*** EXERCISE INPUT Section Begins ***

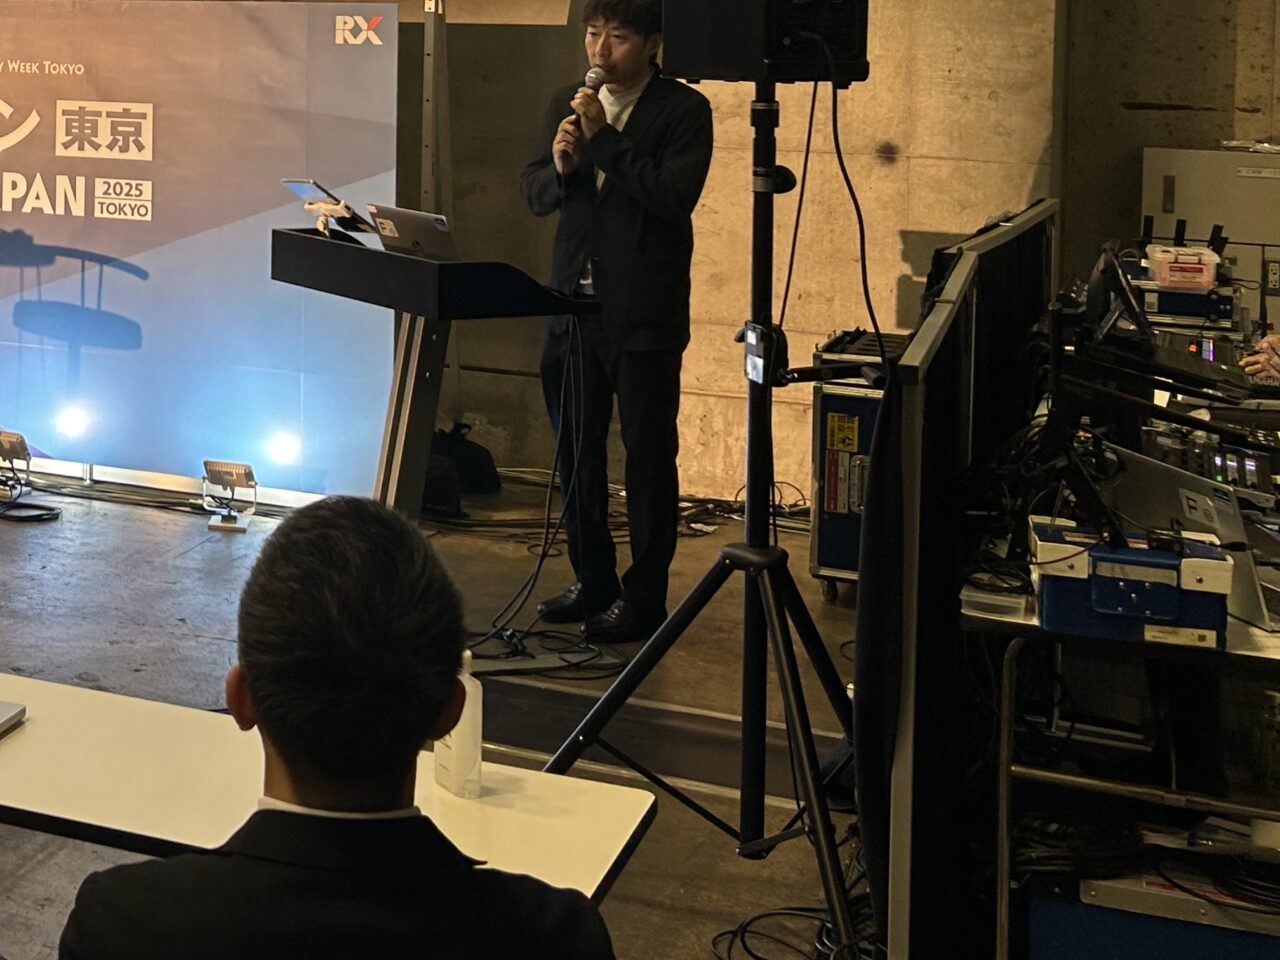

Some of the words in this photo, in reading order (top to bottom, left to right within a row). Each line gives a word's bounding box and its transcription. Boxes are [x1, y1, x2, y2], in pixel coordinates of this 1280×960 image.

[335, 15, 384, 45] RX
[60, 104, 150, 155] 東京
[102, 181, 144, 198] 2025
[97, 201, 150, 218] TOKYO

*** EXERCISE INPUT Section Ends ***

WORK ORDER → Transcribe all of the entries word for word, but skip any pictures they contain.

OUTPUT →
Some of the words in this photo, in reading order (top to bottom, left to right within a row). Each line gives a word's bounding box and its transcription. Boxes are [x1, y1, x2, y2], in pixel coordinates of this 1280×960 image.

[335, 15, 384, 45] RX
[60, 104, 150, 155] 東京
[102, 181, 144, 198] 2025
[97, 201, 150, 218] TOKYO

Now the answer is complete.